═════ MATERIAL TO PROCESS ═════

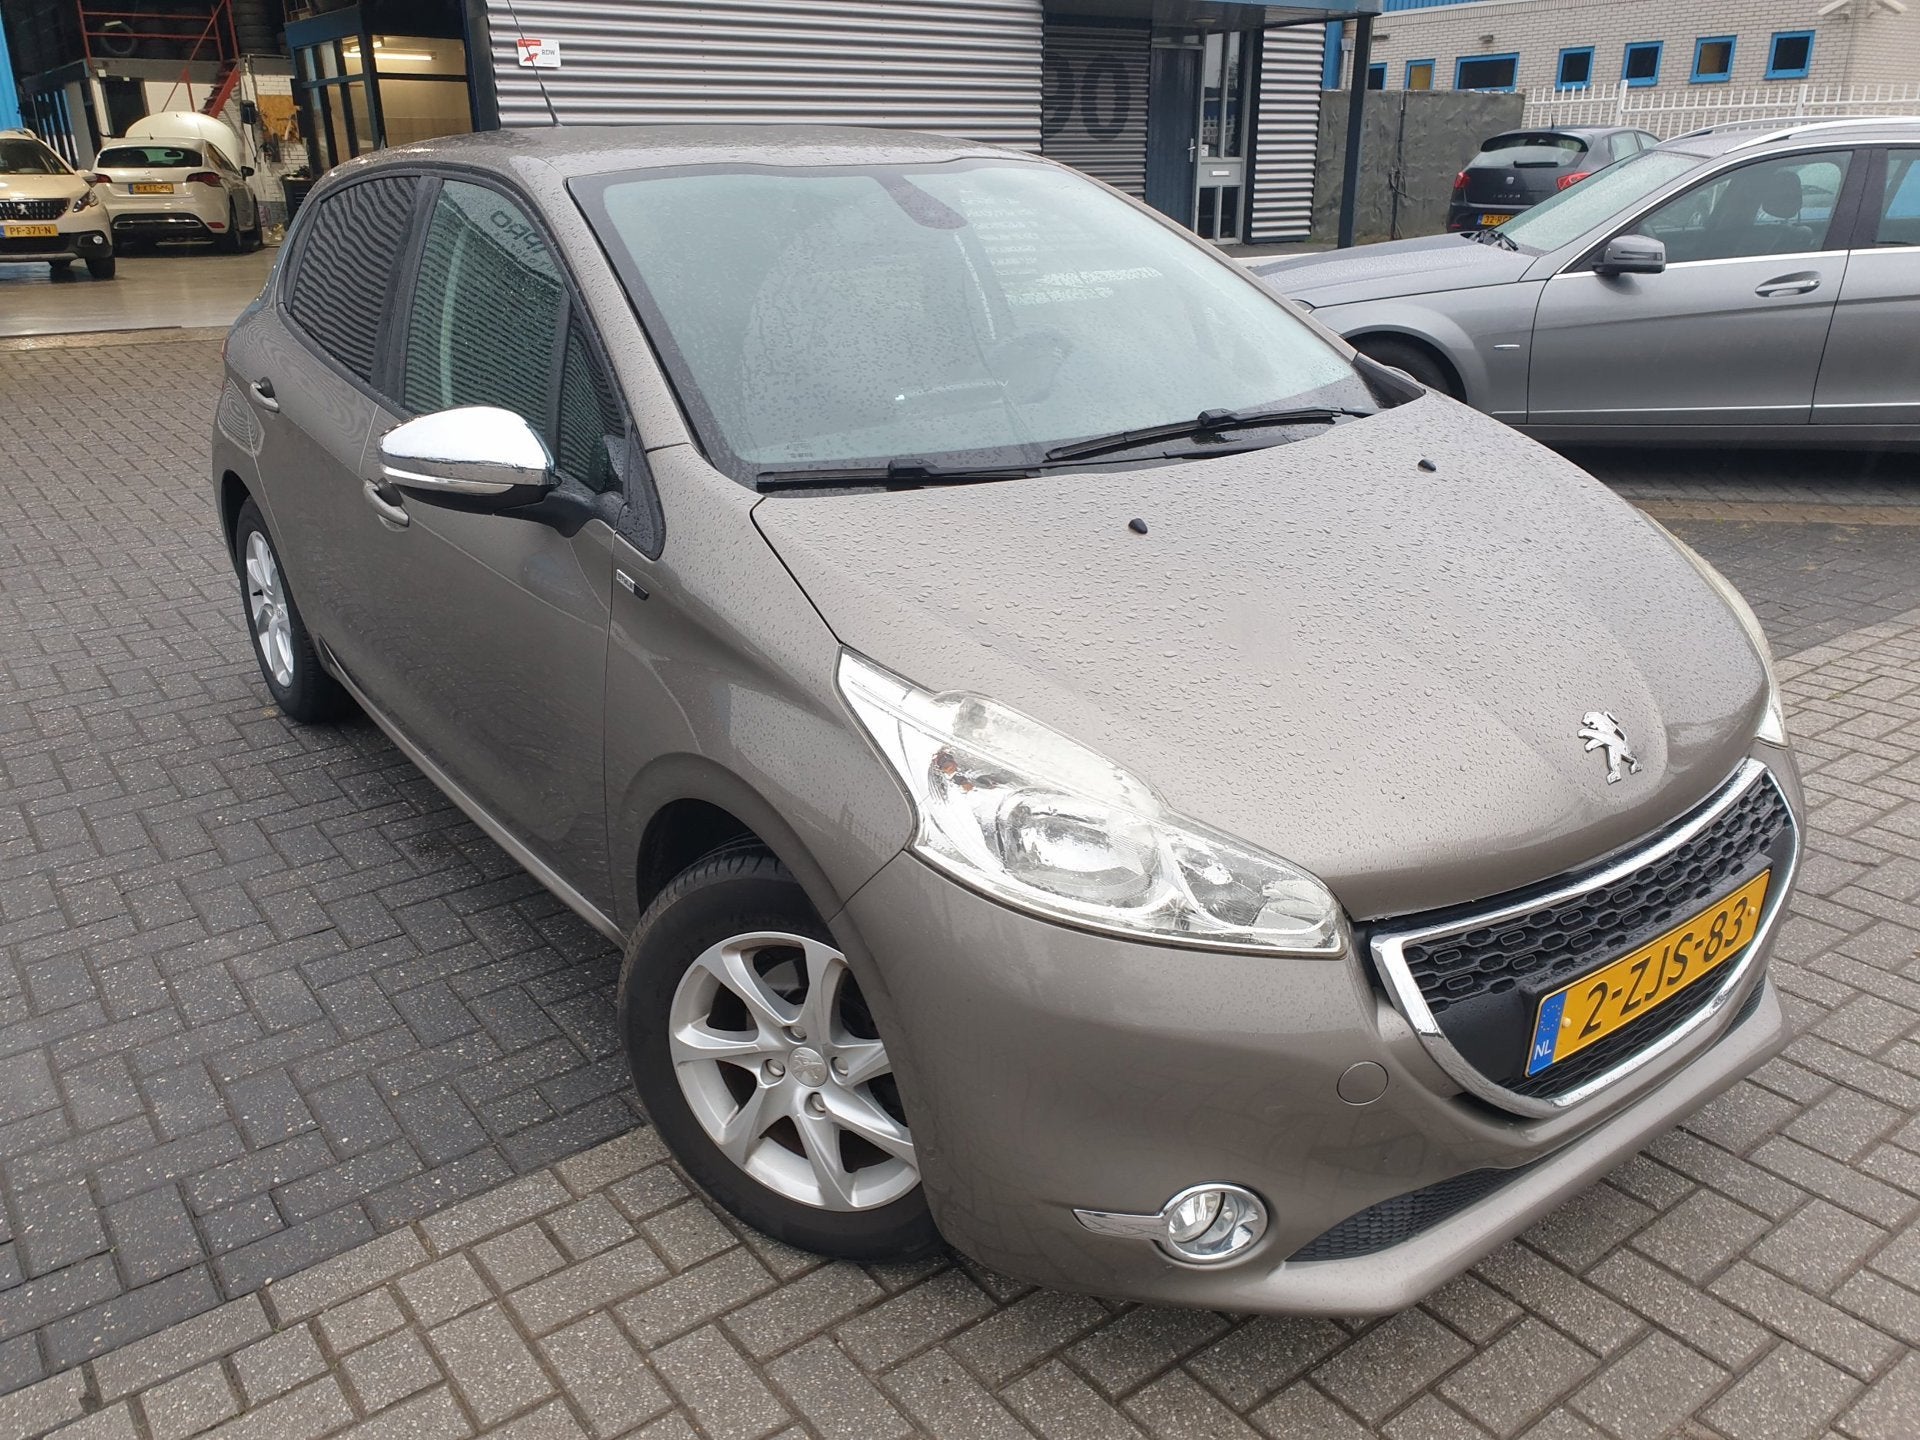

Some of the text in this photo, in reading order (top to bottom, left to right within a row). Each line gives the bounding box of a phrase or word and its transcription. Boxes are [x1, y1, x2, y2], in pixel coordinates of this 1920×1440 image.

[9, 226, 52, 236] PF-371-N
[1578, 896, 1748, 1040] 2-ZJS-83
[1534, 1039, 1552, 1060] NL
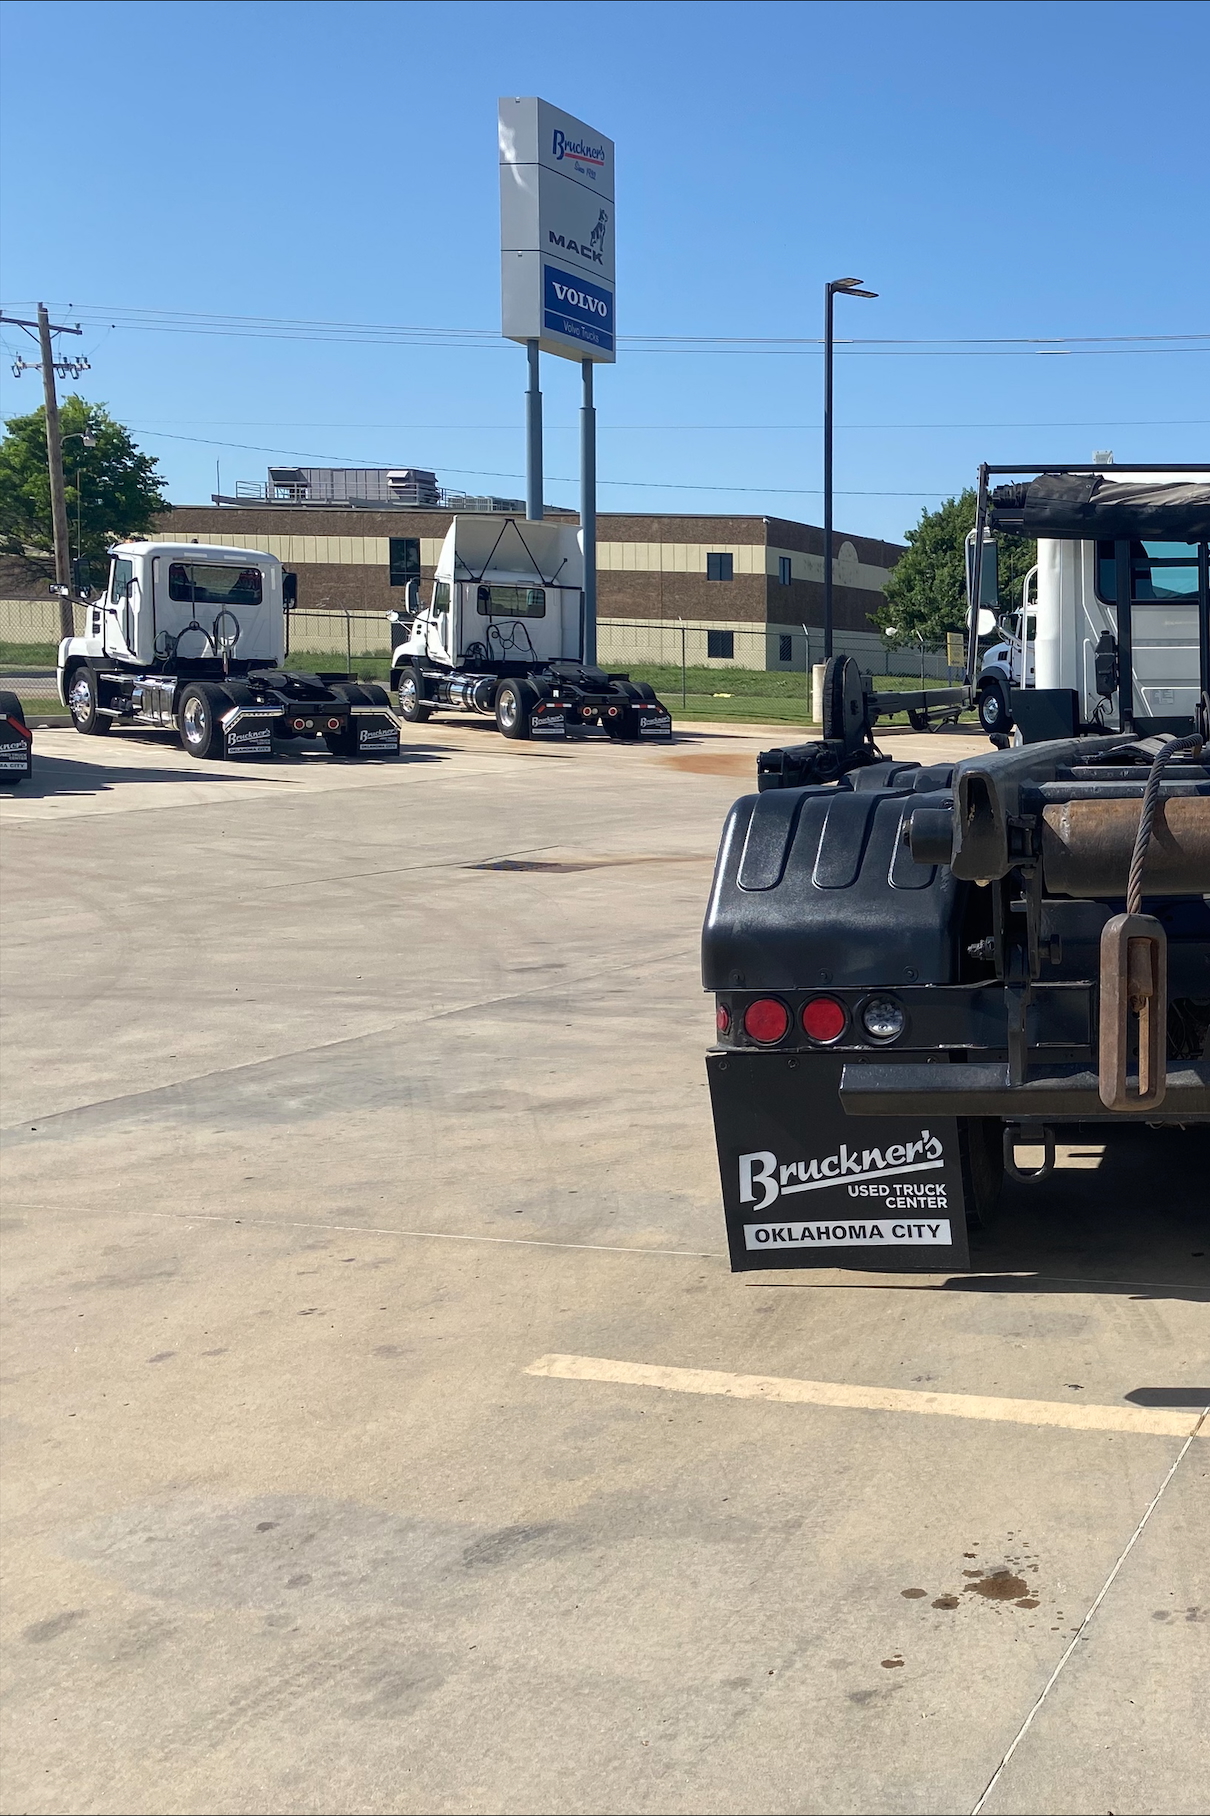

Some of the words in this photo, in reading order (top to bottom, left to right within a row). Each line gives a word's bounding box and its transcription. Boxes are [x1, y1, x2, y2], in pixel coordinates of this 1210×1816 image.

[552, 129, 605, 161] Bruckner's
[549, 231, 603, 266] MACK
[552, 281, 607, 317] VOLVO
[563, 319, 580, 336] Volvo
[581, 326, 600, 344] Trucks
[738, 1130, 944, 1212] Bruckner's
[848, 1184, 890, 1197] USED
[893, 1184, 947, 1196] TRUCK
[885, 1197, 948, 1209] CENTER
[754, 1224, 885, 1243] OKLAHOMA
[891, 1224, 941, 1239] CITY

═════

Set the entries down exactly, but not the pictures.

Some of the text in this photo, in reading order (top to bottom, left to right within a row). Each line gives the bounding box of a phrase or word and its transcription. Boxes are [x1, y1, x2, y2], in pixel coordinates of this 1920×1440 image.

[9, 226, 52, 236] PF-371-N
[1578, 896, 1748, 1040] 2-ZJS-83
[1534, 1039, 1552, 1060] NL

Some of the words in this photo, in reading order (top to bottom, left to right within a row). Each line gives a word's bounding box and its transcription. Boxes are [x1, y1, x2, y2], in pixel coordinates of this 1210×1816 image.

[552, 129, 605, 161] Bruckner's
[549, 231, 603, 266] MACK
[552, 281, 607, 317] VOLVO
[563, 319, 580, 336] Volvo
[581, 326, 600, 344] Trucks
[738, 1130, 944, 1212] Bruckner's
[848, 1184, 890, 1197] USED
[893, 1184, 947, 1196] TRUCK
[885, 1197, 948, 1209] CENTER
[754, 1224, 885, 1243] OKLAHOMA
[891, 1224, 941, 1239] CITY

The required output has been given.